I'd like the entries reproduced exactly, with all pictures omitted.

********

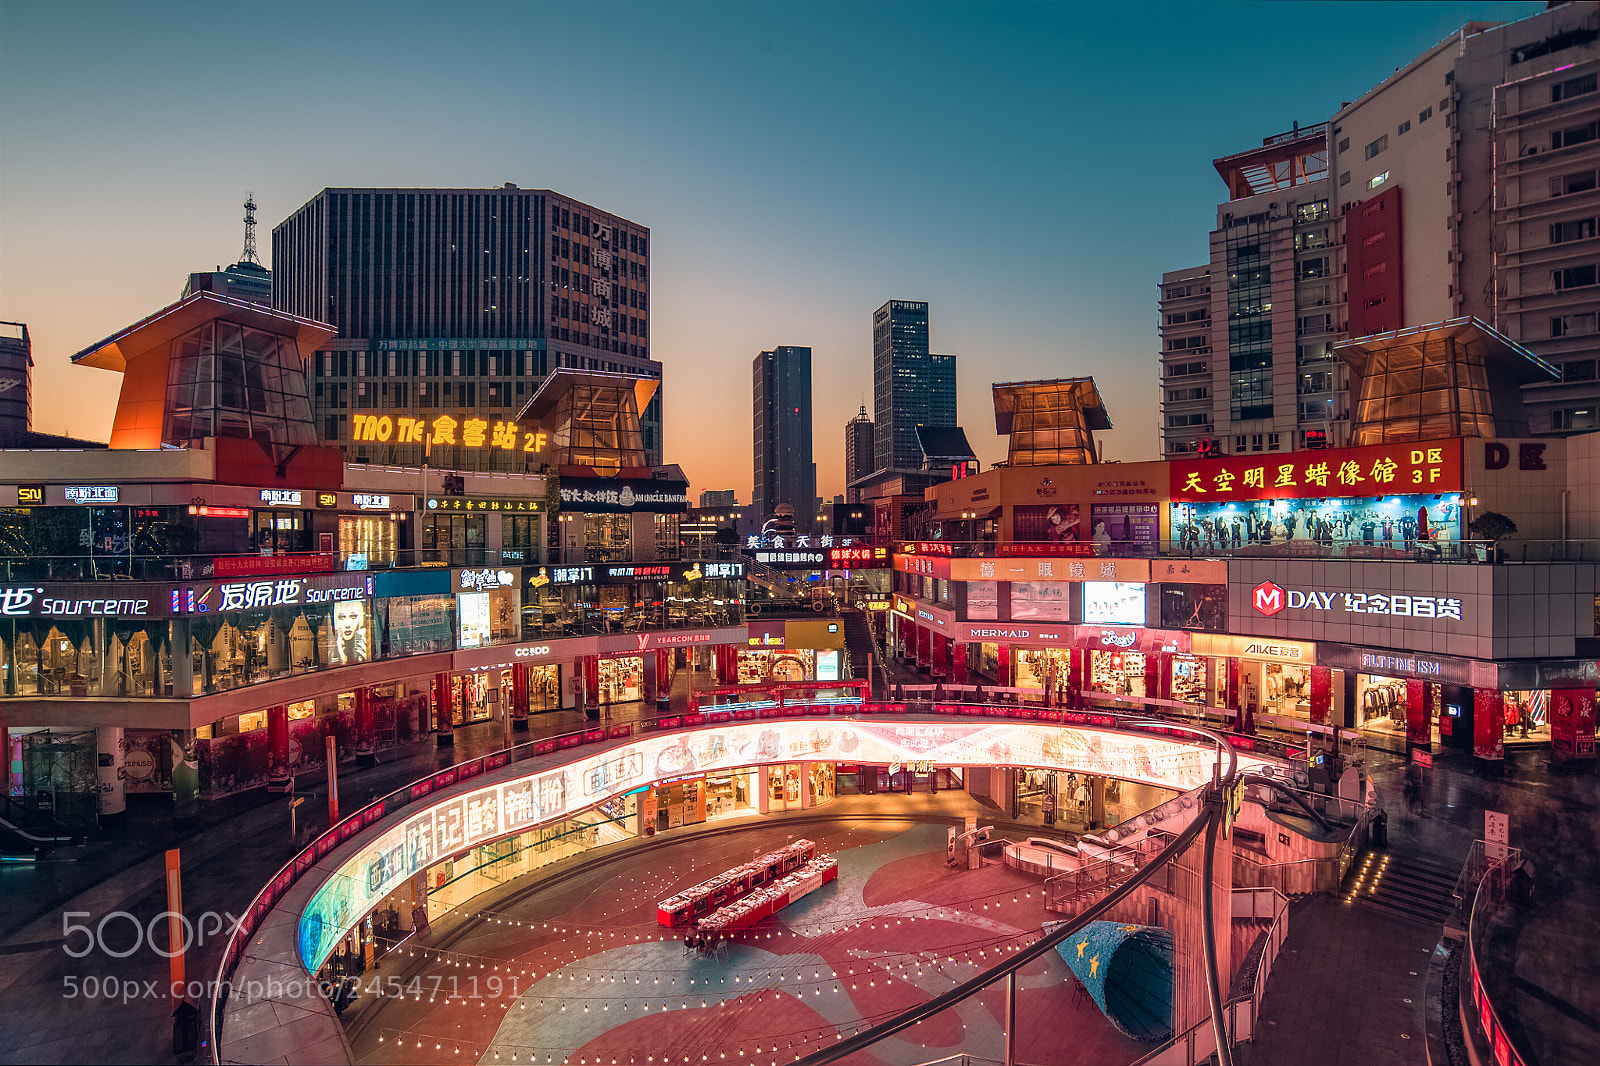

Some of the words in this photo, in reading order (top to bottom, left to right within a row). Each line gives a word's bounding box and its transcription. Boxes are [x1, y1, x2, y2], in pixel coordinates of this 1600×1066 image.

[591, 220, 613, 329] 万博商城
[353, 414, 393, 442] TAO
[432, 415, 518, 450] 食客站
[523, 432, 547, 453] 2F
[1411, 448, 1443, 465] D区
[1181, 457, 1398, 493] 天空明星蜡像馆
[1412, 468, 1441, 484] 3F
[747, 534, 834, 549] 美食天街
[1256, 588, 1281, 610] M
[1345, 592, 1462, 621] 纪念日百货
[656, 635, 693, 644] YEARCON
[970, 629, 1031, 638] MERMAID
[591, 758, 639, 790] 由此进入
[407, 778, 566, 870] 陈记酸辣粉
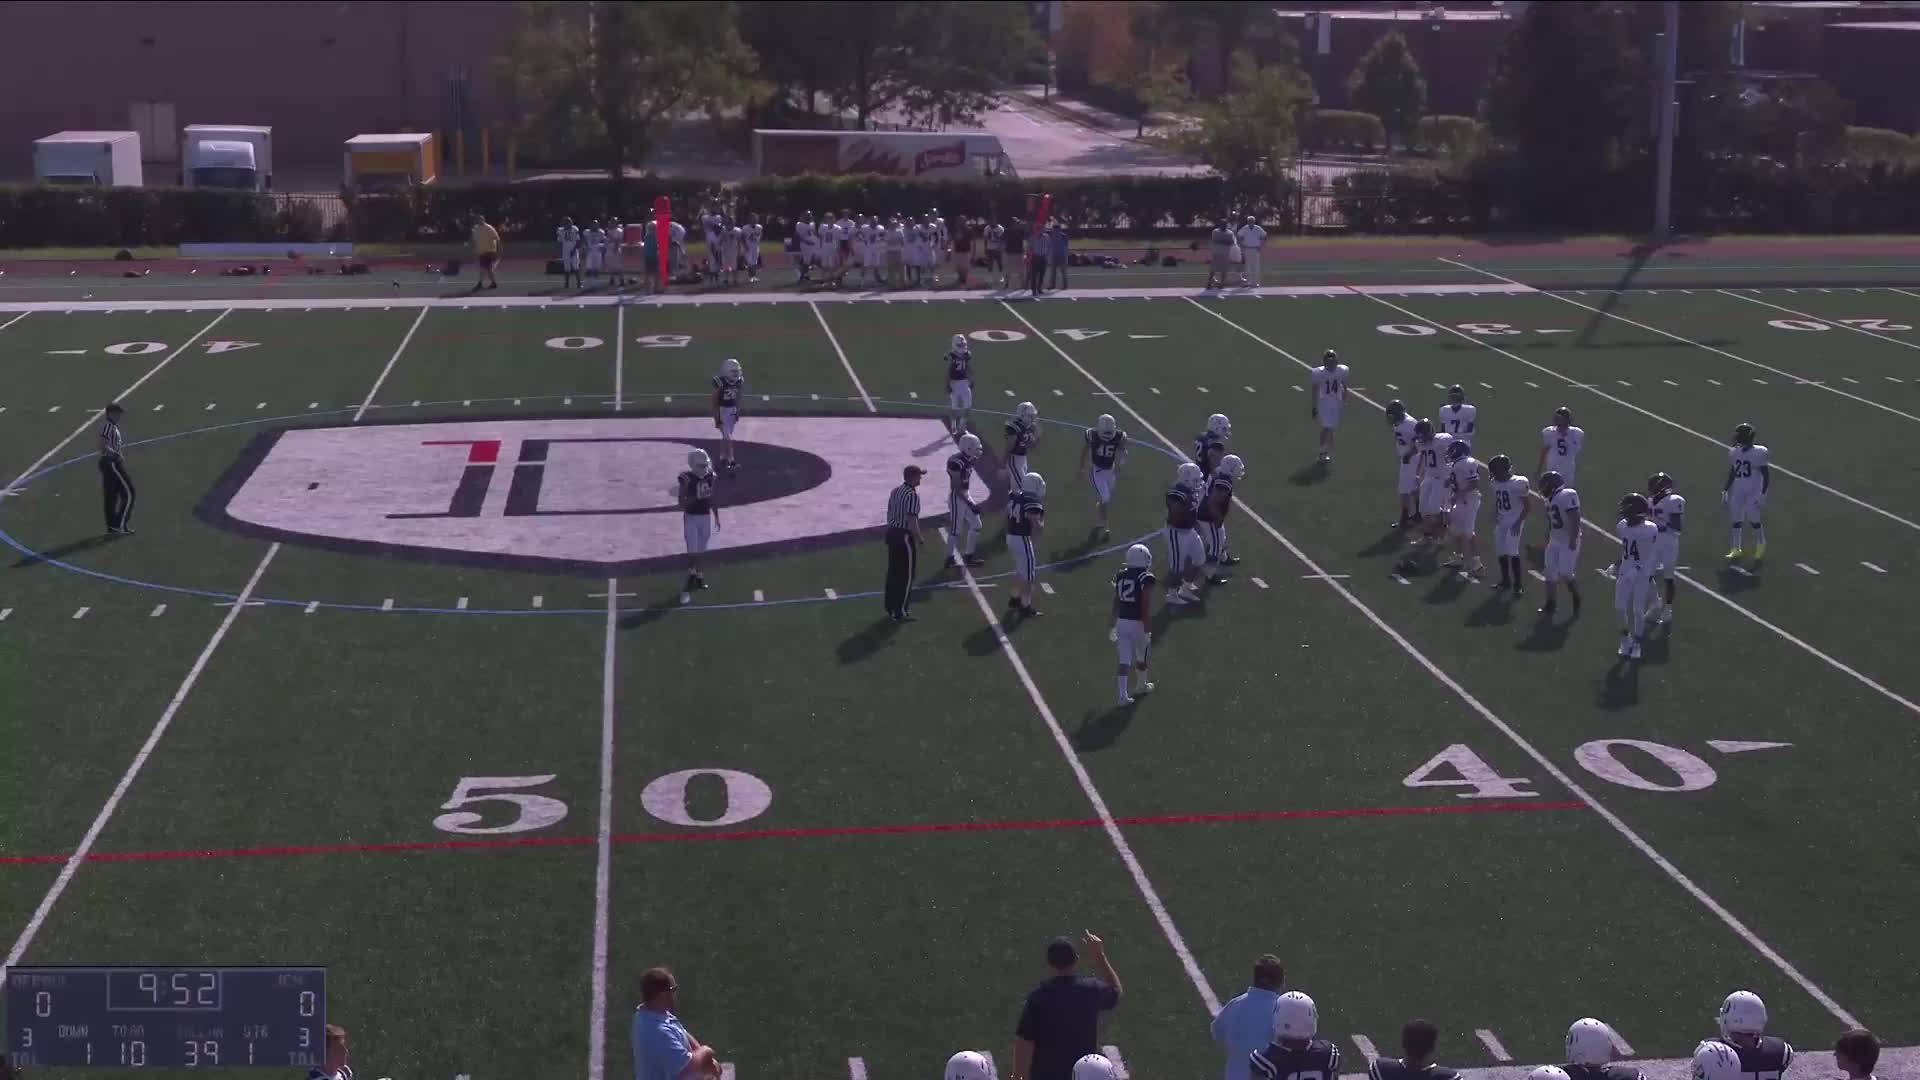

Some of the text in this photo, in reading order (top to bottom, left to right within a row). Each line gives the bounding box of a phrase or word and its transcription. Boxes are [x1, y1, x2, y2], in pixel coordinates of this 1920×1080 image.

[1325, 379, 1338, 394] 14
[1557, 438, 1567, 456] 5
[1735, 459, 1752, 477] 23
[1117, 578, 1136, 603] 12

********

*Response area*.
Some of the words in this photo, in reading order (top to bottom, left to right within a row). Each line gives a word's bounding box and its transcription. Boxes are [x1, y1, x2, y2], in pixel coordinates of this 1600×1066 image.

[591, 220, 613, 329] 万博商城
[353, 414, 393, 442] TAO
[432, 415, 518, 450] 食客站
[523, 432, 547, 453] 2F
[1411, 448, 1443, 465] D区
[1181, 457, 1398, 493] 天空明星蜡像馆
[1412, 468, 1441, 484] 3F
[747, 534, 834, 549] 美食天街
[1256, 588, 1281, 610] M
[1345, 592, 1462, 621] 纪念日百货
[656, 635, 693, 644] YEARCON
[970, 629, 1031, 638] MERMAID
[591, 758, 639, 790] 由此进入
[407, 778, 566, 870] 陈记酸辣粉

Some of the text in this photo, in reading order (top to bottom, left to right within a row). Each line gives the bounding box of a phrase or word and its transcription. Boxes are [x1, y1, x2, y2], in pixel coordinates of this 1920×1080 image.

[1325, 379, 1338, 394] 14
[1557, 438, 1567, 456] 5
[1735, 459, 1752, 477] 23
[1117, 578, 1136, 603] 12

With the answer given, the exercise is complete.